Estate of Reat v. Rodriguez, 824 F.3d 960 (10th Cir. 2016)

But to defeat qualified immunity, you still have to point to a prior case with a similar fact pattern. Again, a non-exhaustive review of 10th Circuit case law shows that the state-created danger doctrine has been applied: 

Off-duty police officer on personal business who crashed his police vehicle;

On-duty police officer who engaged in a high-speed chase;

Firefighter who crashed his truck into a car;

Police officer who caused the death of a bystander by instructing him to help physically subdue a suspect, who then shot the civilian; 

Social worker who removed a child from his mother’s home and placed him with his father, who killed him;

School official who suspended and sent home a special education student who subsequently killed himself;

State mental health administrators who eliminated a special unit for the criminally insane, causing the transfer of a murderer to the general hospital, where he killed his therapist. 

The common theme for liability in the 10th Circuit under the state-created danger theory is that the victims were unable to care for themselves or had limitations imposed on their freedom by state actors.
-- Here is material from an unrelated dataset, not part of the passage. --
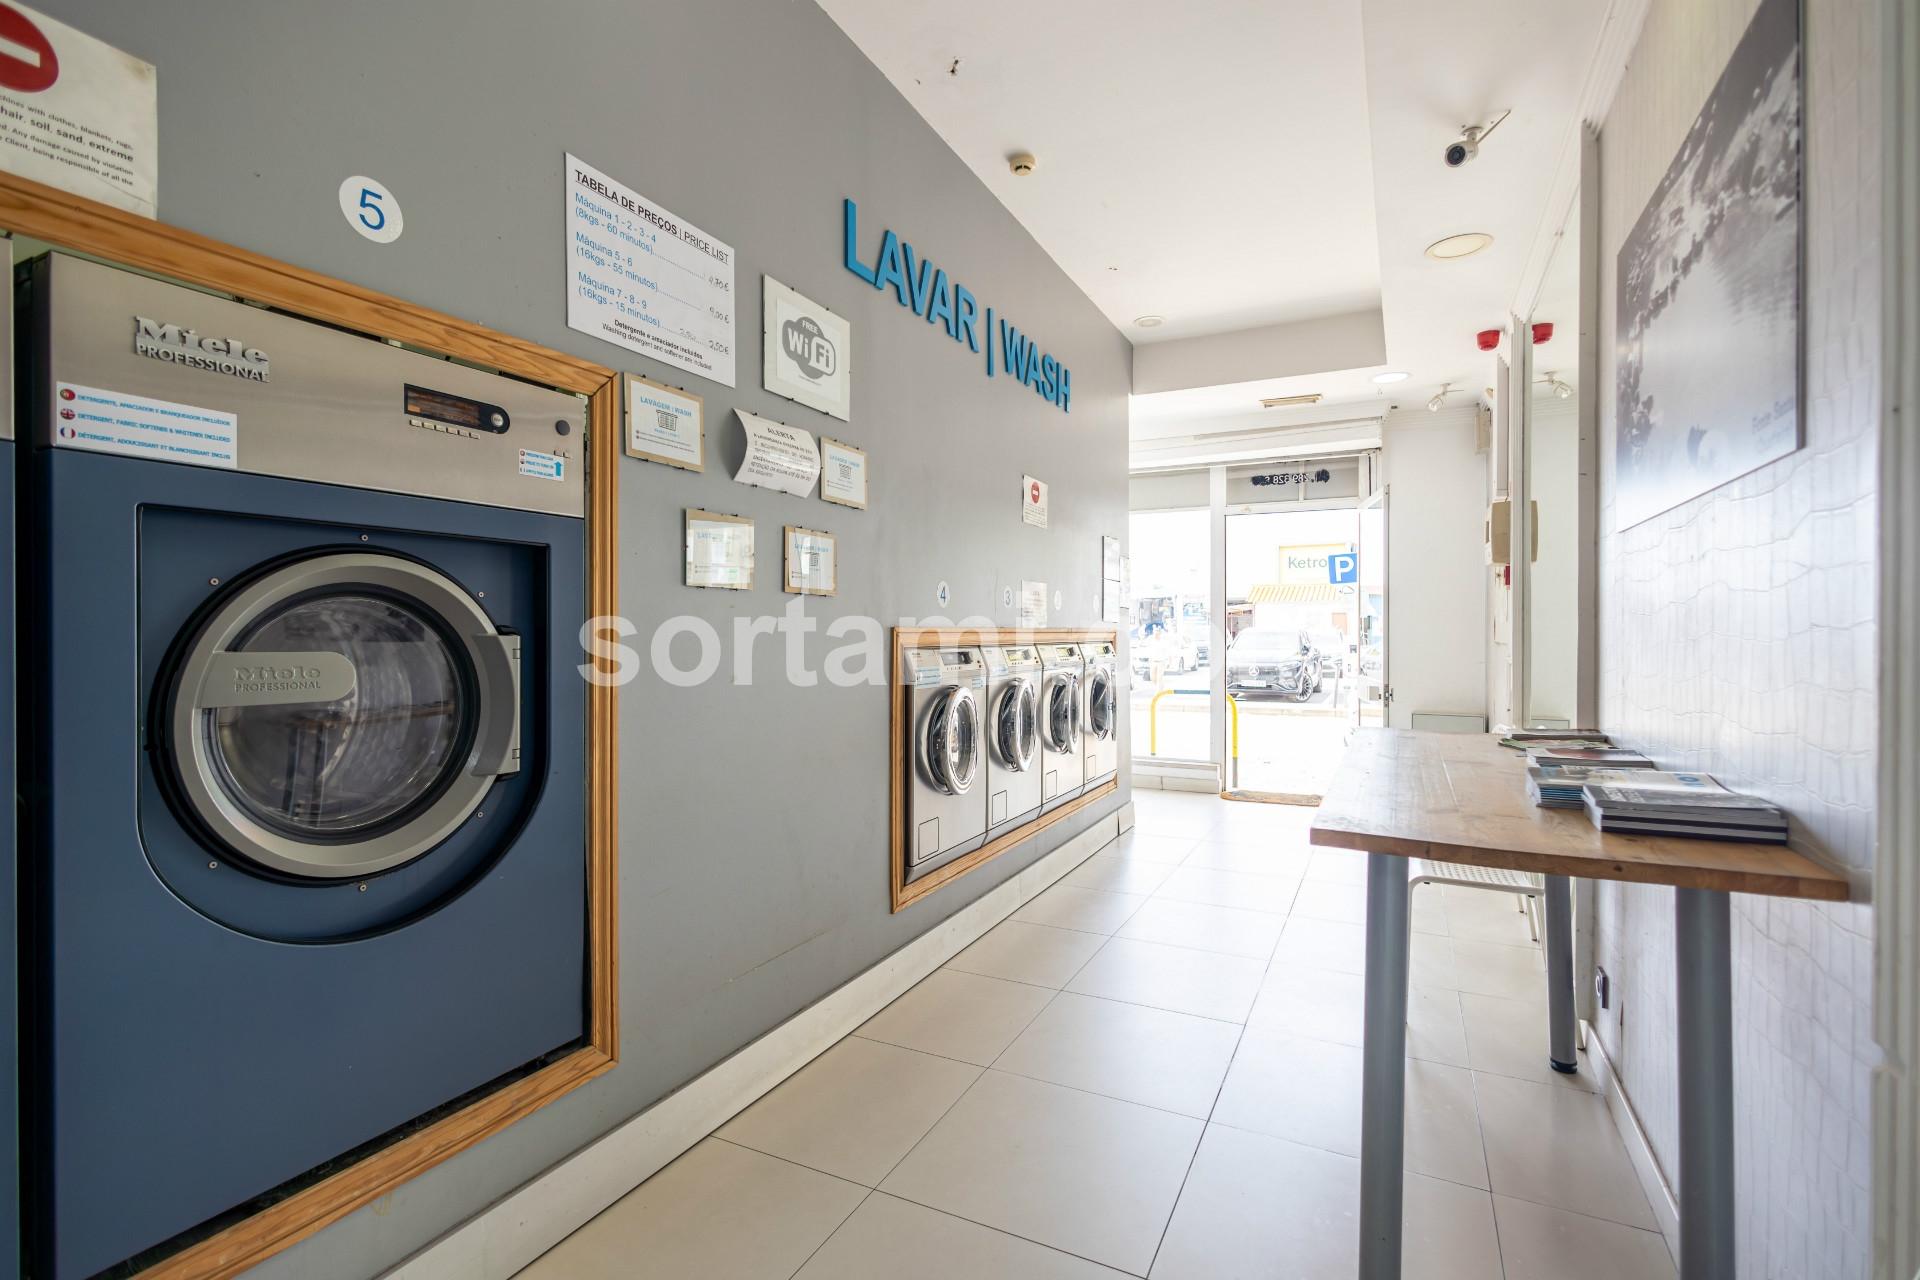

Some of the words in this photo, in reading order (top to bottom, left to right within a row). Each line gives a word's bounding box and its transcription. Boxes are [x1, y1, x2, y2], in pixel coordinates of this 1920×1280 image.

This is very much like the deliberate indifference standard imposed on correctional officers entrusted with the care of inmates. The arrestee is unable to act herself. She can’t get out of the way of the train. Likewise, if a prison catches fire, inmates locked in their cells can’t get out on their own. 

I can think of a few other arguments and theories for liability. But this is an often-overlooked one, and popped into my head first. It seems to match our facts here. Watching the footage establishes, without much potential for dispute, that the arresting officer created the danger; that he rendered the victim incapable of helping herself; that he put her into harm’s way, and that the risk was obvious. You can see the fact that he had parked on the train tracks. No doubt the evidence would show that he was aware of the fact that these tracks were frequented by trains. You can actually hear the train coming in the body cam footage. 

If this woman is left with no justice due to qualified immunity, hopefully people will start paying attention. Qualified immunity serves no legitimate purpose. It’s the very definition of judicial activism. I’ll be watching this one to see what happens.